- **What is expected**
Under this task are some entries; return every one of them exactly.

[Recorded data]
↓↓↓
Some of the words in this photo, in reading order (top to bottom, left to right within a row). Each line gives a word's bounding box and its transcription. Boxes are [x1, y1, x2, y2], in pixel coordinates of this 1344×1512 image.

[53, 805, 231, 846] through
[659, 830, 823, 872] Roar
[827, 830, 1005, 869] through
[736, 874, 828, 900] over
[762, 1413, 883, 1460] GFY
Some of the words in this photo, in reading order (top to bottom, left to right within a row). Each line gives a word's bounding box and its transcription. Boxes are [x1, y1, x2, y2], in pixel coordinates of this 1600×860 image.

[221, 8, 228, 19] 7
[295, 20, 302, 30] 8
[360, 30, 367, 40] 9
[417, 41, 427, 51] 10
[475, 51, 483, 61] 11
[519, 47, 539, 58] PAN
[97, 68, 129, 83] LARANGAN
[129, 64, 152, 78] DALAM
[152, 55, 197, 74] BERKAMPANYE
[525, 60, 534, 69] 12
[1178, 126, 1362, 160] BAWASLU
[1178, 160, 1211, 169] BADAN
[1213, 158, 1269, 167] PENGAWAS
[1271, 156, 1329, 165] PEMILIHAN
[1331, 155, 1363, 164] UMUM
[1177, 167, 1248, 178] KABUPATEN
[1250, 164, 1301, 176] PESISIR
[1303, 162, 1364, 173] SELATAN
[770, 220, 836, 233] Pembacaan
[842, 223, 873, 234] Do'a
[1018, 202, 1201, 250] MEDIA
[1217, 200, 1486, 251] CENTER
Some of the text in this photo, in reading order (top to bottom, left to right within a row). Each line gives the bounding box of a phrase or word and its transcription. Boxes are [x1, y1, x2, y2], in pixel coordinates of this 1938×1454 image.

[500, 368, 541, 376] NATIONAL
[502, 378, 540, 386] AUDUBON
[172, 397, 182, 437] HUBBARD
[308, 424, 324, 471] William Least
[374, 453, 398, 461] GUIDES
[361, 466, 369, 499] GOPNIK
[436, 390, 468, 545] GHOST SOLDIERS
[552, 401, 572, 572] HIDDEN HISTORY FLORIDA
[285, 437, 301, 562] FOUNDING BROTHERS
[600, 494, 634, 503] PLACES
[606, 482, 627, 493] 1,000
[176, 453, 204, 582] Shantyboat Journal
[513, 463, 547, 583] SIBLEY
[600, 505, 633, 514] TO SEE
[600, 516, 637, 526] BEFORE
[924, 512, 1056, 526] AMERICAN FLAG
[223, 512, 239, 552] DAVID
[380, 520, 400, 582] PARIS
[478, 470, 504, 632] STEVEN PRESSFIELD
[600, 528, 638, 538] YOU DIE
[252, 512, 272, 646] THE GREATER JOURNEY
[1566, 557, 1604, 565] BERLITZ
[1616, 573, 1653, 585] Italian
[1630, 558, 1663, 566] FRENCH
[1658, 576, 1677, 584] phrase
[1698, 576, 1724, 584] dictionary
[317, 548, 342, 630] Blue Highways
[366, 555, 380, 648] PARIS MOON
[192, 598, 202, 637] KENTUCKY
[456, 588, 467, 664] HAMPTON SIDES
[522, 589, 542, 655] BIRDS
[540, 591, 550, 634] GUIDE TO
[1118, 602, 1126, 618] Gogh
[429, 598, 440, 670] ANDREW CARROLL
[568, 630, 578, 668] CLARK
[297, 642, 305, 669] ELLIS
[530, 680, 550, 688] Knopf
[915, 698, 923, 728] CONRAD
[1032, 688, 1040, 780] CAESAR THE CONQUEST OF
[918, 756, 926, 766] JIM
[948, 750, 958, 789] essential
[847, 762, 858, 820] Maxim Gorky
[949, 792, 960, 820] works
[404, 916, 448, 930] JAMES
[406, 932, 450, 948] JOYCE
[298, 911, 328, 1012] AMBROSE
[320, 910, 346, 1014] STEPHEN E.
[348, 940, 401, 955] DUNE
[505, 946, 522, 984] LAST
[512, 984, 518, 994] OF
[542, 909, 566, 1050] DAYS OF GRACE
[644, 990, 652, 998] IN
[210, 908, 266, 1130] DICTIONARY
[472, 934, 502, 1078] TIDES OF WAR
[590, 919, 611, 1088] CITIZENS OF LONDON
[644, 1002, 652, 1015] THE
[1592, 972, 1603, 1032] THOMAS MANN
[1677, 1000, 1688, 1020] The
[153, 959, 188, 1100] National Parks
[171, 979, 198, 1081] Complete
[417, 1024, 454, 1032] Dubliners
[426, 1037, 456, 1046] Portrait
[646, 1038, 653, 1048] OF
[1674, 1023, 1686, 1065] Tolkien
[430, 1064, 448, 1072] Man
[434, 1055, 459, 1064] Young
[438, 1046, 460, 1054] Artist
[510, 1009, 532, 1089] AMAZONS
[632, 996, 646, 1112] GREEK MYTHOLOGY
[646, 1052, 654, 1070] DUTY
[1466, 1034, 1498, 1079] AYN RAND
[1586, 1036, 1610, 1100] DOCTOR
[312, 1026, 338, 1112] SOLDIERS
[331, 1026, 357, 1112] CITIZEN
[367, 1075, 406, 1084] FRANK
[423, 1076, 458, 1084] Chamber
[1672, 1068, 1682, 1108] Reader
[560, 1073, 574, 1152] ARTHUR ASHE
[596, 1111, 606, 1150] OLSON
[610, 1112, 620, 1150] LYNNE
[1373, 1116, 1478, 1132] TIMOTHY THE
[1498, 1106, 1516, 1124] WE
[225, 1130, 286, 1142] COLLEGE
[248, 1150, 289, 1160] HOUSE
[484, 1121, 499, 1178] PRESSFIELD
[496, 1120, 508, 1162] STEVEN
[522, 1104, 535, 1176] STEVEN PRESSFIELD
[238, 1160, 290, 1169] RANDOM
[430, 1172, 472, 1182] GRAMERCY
↑↑↑
- **Task output**
Some of the words in this photo, in reading order (top to bottom, left to right within a row). Each line gives a word's bounding box and its transcription. Boxes are [x1, y1, x2, y2], in pixel coordinates of this 1344×1512 image.

[53, 805, 231, 846] through
[659, 830, 823, 872] Roar
[827, 830, 1005, 869] through
[736, 874, 828, 900] over
[762, 1413, 883, 1460] GFY
Some of the words in this photo, in reading order (top to bottom, left to right within a row). Each line gives a word's bounding box and its transcription. Boxes are [x1, y1, x2, y2], in pixel coordinates of this 1600×860 image.

[221, 8, 228, 19] 7
[295, 20, 302, 30] 8
[360, 30, 367, 40] 9
[417, 41, 427, 51] 10
[475, 51, 483, 61] 11
[519, 47, 539, 58] PAN
[97, 68, 129, 83] LARANGAN
[129, 64, 152, 78] DALAM
[152, 55, 197, 74] BERKAMPANYE
[525, 60, 534, 69] 12
[1178, 126, 1362, 160] BAWASLU
[1178, 160, 1211, 169] BADAN
[1213, 158, 1269, 167] PENGAWAS
[1271, 156, 1329, 165] PEMILIHAN
[1331, 155, 1363, 164] UMUM
[1177, 167, 1248, 178] KABUPATEN
[1250, 164, 1301, 176] PESISIR
[1303, 162, 1364, 173] SELATAN
[770, 220, 836, 233] Pembacaan
[842, 223, 873, 234] Do'a
[1018, 202, 1201, 250] MEDIA
[1217, 200, 1486, 251] CENTER
Some of the text in this photo, in reading order (top to bottom, left to right within a row). Each line gives the bounding box of a phrase or word and its transcription. Boxes are [x1, y1, x2, y2], in pixel coordinates of this 1938×1454 image.

[500, 368, 541, 376] NATIONAL
[502, 378, 540, 386] AUDUBON
[172, 397, 182, 437] HUBBARD
[308, 424, 324, 471] William Least
[374, 453, 398, 461] GUIDES
[361, 466, 369, 499] GOPNIK
[436, 390, 468, 545] GHOST SOLDIERS
[552, 401, 572, 572] HIDDEN HISTORY FLORIDA
[285, 437, 301, 562] FOUNDING BROTHERS
[600, 494, 634, 503] PLACES
[606, 482, 627, 493] 1,000
[176, 453, 204, 582] Shantyboat Journal
[513, 463, 547, 583] SIBLEY
[600, 505, 633, 514] TO SEE
[600, 516, 637, 526] BEFORE
[924, 512, 1056, 526] AMERICAN FLAG
[223, 512, 239, 552] DAVID
[380, 520, 400, 582] PARIS
[478, 470, 504, 632] STEVEN PRESSFIELD
[600, 528, 638, 538] YOU DIE
[252, 512, 272, 646] THE GREATER JOURNEY
[1566, 557, 1604, 565] BERLITZ
[1616, 573, 1653, 585] Italian
[1630, 558, 1663, 566] FRENCH
[1658, 576, 1677, 584] phrase
[1698, 576, 1724, 584] dictionary
[317, 548, 342, 630] Blue Highways
[366, 555, 380, 648] PARIS MOON
[192, 598, 202, 637] KENTUCKY
[456, 588, 467, 664] HAMPTON SIDES
[522, 589, 542, 655] BIRDS
[540, 591, 550, 634] GUIDE TO
[1118, 602, 1126, 618] Gogh
[429, 598, 440, 670] ANDREW CARROLL
[568, 630, 578, 668] CLARK
[297, 642, 305, 669] ELLIS
[530, 680, 550, 688] Knopf
[915, 698, 923, 728] CONRAD
[1032, 688, 1040, 780] CAESAR THE CONQUEST OF
[918, 756, 926, 766] JIM
[948, 750, 958, 789] essential
[847, 762, 858, 820] Maxim Gorky
[949, 792, 960, 820] works
[404, 916, 448, 930] JAMES
[406, 932, 450, 948] JOYCE
[298, 911, 328, 1012] AMBROSE
[320, 910, 346, 1014] STEPHEN E.
[348, 940, 401, 955] DUNE
[505, 946, 522, 984] LAST
[512, 984, 518, 994] OF
[542, 909, 566, 1050] DAYS OF GRACE
[644, 990, 652, 998] IN
[210, 908, 266, 1130] DICTIONARY
[472, 934, 502, 1078] TIDES OF WAR
[590, 919, 611, 1088] CITIZENS OF LONDON
[644, 1002, 652, 1015] THE
[1592, 972, 1603, 1032] THOMAS MANN
[1677, 1000, 1688, 1020] The
[153, 959, 188, 1100] National Parks
[171, 979, 198, 1081] Complete
[417, 1024, 454, 1032] Dubliners
[426, 1037, 456, 1046] Portrait
[646, 1038, 653, 1048] OF
[1674, 1023, 1686, 1065] Tolkien
[430, 1064, 448, 1072] Man
[434, 1055, 459, 1064] Young
[438, 1046, 460, 1054] Artist
[510, 1009, 532, 1089] AMAZONS
[632, 996, 646, 1112] GREEK MYTHOLOGY
[646, 1052, 654, 1070] DUTY
[1466, 1034, 1498, 1079] AYN RAND
[1586, 1036, 1610, 1100] DOCTOR
[312, 1026, 338, 1112] SOLDIERS
[331, 1026, 357, 1112] CITIZEN
[367, 1075, 406, 1084] FRANK
[423, 1076, 458, 1084] Chamber
[1672, 1068, 1682, 1108] Reader
[560, 1073, 574, 1152] ARTHUR ASHE
[596, 1111, 606, 1150] OLSON
[610, 1112, 620, 1150] LYNNE
[1373, 1116, 1478, 1132] TIMOTHY THE
[1498, 1106, 1516, 1124] WE
[225, 1130, 286, 1142] COLLEGE
[248, 1150, 289, 1160] HOUSE
[484, 1121, 499, 1178] PRESSFIELD
[496, 1120, 508, 1162] STEVEN
[522, 1104, 535, 1176] STEVEN PRESSFIELD
[238, 1160, 290, 1169] RANDOM
[430, 1172, 472, 1182] GRAMERCY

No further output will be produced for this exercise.